In your copy of the entries below, keep every word exactly and leave out all images.
(Beginning of INPUT)
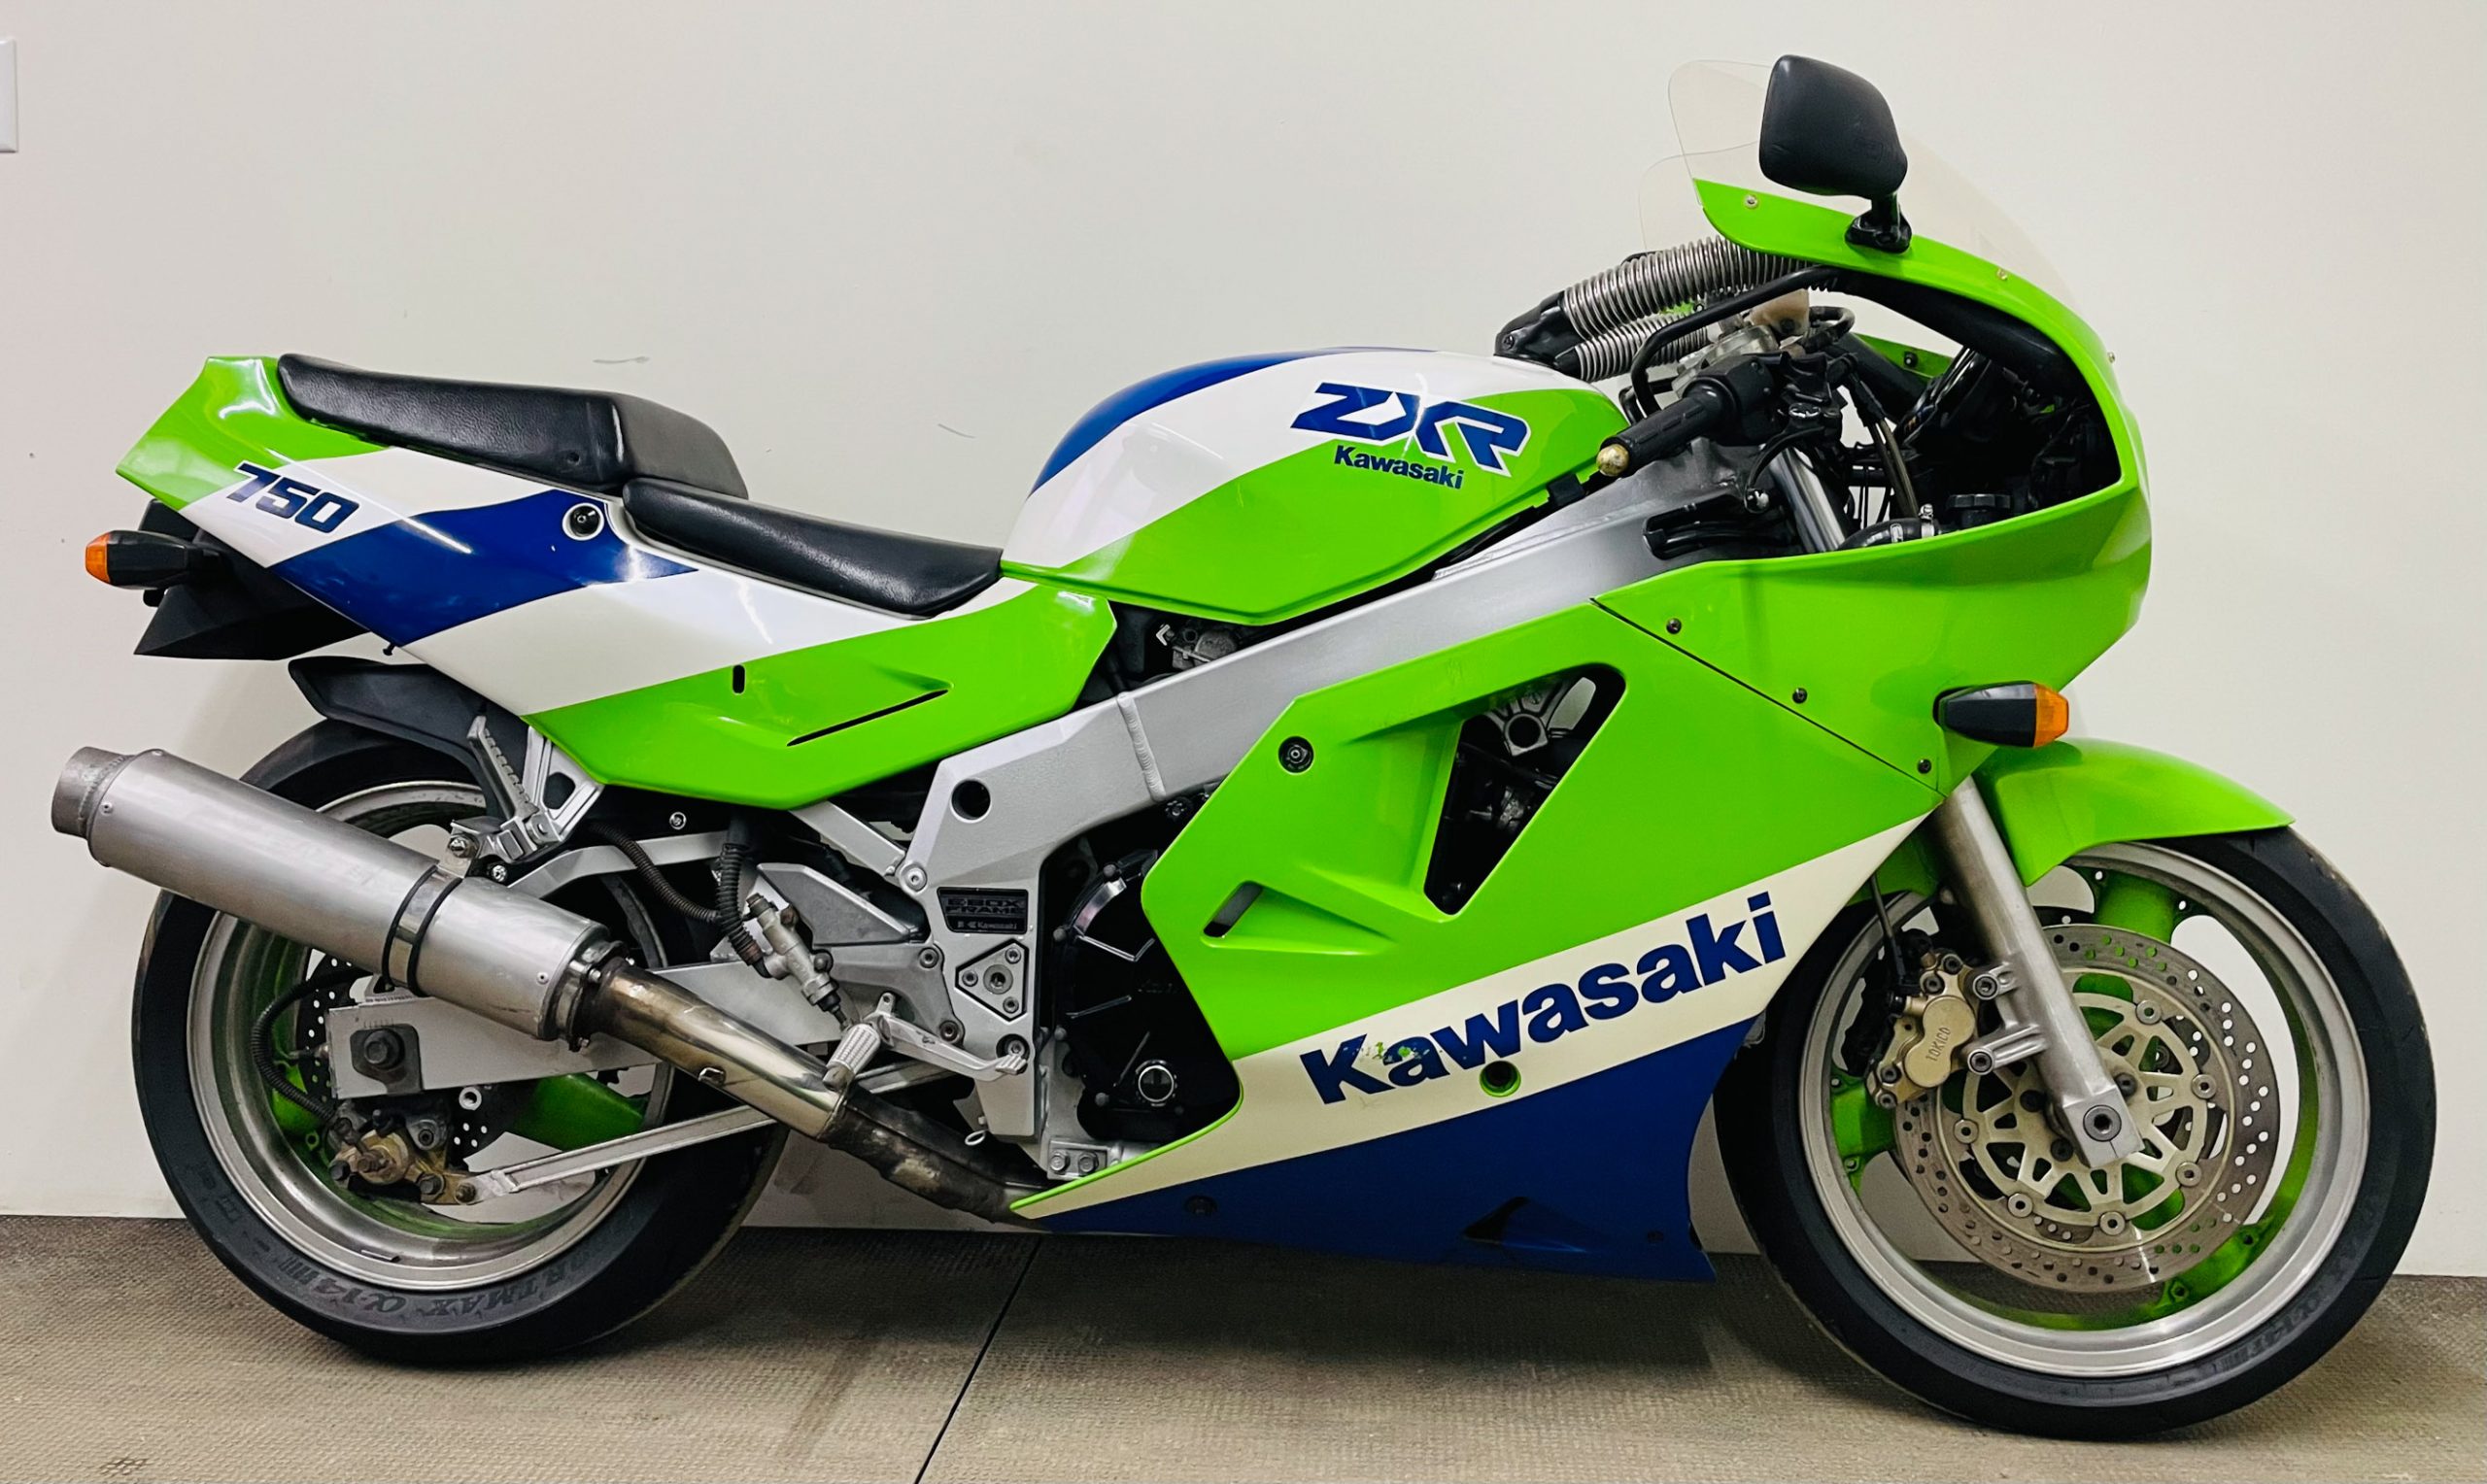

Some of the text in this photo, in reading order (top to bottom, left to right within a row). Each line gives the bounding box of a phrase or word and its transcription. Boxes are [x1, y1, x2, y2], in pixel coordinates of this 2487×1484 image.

[1289, 381, 1530, 473] ZXR
[226, 462, 360, 533] 750
[1334, 444, 1464, 489] Kawasaki
[1299, 890, 1787, 1105] Kawasaki
[1925, 1027, 1952, 1062] TOKICO
(End of INPUT)
• _TASK RESPONSE_:
Some of the text in this photo, in reading order (top to bottom, left to right within a row). Each line gives the bounding box of a phrase or word and its transcription. Boxes are [x1, y1, x2, y2], in pixel coordinates of this 2487×1484 image.

[1289, 381, 1530, 473] ZXR
[226, 462, 360, 533] 750
[1334, 444, 1464, 489] Kawasaki
[1299, 890, 1787, 1105] Kawasaki
[1925, 1027, 1952, 1062] TOKICO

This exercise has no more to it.